The second: all the posturing about real “reform” of the tax code and “revenue neutrality” for the legislation was meaningless. In fact, the bill had to create a $1.5tn 10-year deficit to pay for its generous tax cuts. Without the deficit, the corporate rate of 21% could never have been achieved and, more important, the bill could not have passed at all.

The third was that the bill as passed was hugely problematic. It contained egregious mistakes, created massive new loopholes and opened the door to new forms of tax avoidance. Thirteen tax law professors from around the country, in a 68-page study, blasted its “rushed and secretive process” that resulted, they said, “in deeply flawed legislation”.

Among the disappointed were people who had been hired by the Trump administration to craft the bill – including Dana Trier, a New York lawyer who had been a tax policy official in the Ronald Reagan and George HW Bush administrations. He allowed himself to be lured back into government for one more go because he thought the tax code had gotten out of whack and reform was overdue.

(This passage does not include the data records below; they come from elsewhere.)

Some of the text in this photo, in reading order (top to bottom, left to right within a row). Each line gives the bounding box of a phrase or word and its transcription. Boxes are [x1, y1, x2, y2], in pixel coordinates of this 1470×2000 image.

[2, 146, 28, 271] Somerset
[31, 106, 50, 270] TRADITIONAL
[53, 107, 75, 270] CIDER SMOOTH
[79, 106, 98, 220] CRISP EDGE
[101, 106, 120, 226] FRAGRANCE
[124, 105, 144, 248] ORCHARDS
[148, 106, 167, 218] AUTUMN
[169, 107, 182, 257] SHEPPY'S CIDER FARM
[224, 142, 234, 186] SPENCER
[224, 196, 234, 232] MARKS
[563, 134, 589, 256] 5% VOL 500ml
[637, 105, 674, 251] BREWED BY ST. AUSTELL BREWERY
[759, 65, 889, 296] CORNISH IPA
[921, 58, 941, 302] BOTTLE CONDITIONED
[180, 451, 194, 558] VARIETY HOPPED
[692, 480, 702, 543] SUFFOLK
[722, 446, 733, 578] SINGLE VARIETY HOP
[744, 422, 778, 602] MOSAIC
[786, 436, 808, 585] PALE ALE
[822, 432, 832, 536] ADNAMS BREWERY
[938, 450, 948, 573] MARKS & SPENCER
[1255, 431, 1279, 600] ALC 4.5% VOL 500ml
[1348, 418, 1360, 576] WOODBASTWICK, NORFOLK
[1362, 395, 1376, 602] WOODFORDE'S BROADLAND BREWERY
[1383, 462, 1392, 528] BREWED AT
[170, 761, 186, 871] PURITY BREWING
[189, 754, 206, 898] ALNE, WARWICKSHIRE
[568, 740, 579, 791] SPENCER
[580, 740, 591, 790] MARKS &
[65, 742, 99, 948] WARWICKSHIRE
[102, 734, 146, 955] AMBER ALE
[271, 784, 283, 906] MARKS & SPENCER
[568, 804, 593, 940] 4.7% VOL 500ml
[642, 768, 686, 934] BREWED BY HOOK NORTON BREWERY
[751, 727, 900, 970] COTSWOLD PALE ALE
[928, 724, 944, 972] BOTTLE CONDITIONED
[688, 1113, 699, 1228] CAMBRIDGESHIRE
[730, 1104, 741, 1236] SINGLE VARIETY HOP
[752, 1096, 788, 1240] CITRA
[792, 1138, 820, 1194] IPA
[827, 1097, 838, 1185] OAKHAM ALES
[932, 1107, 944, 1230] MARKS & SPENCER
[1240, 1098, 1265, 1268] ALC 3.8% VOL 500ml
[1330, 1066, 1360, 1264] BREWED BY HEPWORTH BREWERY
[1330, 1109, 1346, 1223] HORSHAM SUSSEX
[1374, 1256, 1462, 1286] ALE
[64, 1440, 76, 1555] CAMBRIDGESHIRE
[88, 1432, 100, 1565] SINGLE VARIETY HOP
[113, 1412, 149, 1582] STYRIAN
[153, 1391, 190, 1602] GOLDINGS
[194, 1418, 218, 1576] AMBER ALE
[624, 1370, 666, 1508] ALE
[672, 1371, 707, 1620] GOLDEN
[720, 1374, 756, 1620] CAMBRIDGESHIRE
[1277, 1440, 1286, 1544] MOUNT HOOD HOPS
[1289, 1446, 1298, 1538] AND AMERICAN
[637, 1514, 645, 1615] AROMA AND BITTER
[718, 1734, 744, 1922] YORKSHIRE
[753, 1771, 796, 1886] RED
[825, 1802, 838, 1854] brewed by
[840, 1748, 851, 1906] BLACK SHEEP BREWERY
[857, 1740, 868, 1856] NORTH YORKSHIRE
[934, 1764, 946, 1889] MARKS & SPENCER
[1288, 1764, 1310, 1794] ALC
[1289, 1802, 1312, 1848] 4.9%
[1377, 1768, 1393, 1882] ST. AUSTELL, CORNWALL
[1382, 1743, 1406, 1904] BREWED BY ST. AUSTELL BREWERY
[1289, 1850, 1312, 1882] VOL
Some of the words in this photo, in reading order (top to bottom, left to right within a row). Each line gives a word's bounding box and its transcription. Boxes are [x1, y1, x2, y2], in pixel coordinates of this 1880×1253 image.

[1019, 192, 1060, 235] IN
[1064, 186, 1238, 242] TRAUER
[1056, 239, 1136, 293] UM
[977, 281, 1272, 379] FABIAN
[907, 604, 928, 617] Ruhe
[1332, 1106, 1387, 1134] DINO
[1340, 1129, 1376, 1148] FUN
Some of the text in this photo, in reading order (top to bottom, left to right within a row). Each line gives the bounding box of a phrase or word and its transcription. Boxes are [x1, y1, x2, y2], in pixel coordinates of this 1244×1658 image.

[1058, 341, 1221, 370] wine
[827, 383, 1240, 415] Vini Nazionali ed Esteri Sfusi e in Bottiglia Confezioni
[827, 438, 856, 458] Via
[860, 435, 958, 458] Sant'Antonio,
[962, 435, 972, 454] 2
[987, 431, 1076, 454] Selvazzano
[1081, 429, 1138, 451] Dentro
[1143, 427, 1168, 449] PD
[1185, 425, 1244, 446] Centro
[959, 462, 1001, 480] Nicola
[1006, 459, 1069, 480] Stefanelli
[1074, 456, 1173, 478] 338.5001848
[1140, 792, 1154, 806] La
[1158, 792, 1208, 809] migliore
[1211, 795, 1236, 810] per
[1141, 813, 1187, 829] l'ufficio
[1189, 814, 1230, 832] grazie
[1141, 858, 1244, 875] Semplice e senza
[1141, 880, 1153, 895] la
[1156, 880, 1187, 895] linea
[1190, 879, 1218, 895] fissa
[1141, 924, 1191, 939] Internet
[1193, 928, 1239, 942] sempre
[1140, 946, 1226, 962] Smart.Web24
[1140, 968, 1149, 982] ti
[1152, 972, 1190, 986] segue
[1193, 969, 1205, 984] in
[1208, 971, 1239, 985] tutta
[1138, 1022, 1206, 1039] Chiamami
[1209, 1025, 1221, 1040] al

In the end, though, Trier counted himself among those who were severely troubled by how the bill turned out. Parts were not well thought through, he told the Center, and “known problems” were not corrected because of the speed with which it passed.

“So, I mean I want to be honest with you, I was completely sick,” he said. “You know from my perspective I took one for the team and my reason for taking one for the team had not been fulfilled. I thought I could make it work. I could be one of those people who could help make it work. And in fact we didn’t reach my standard.”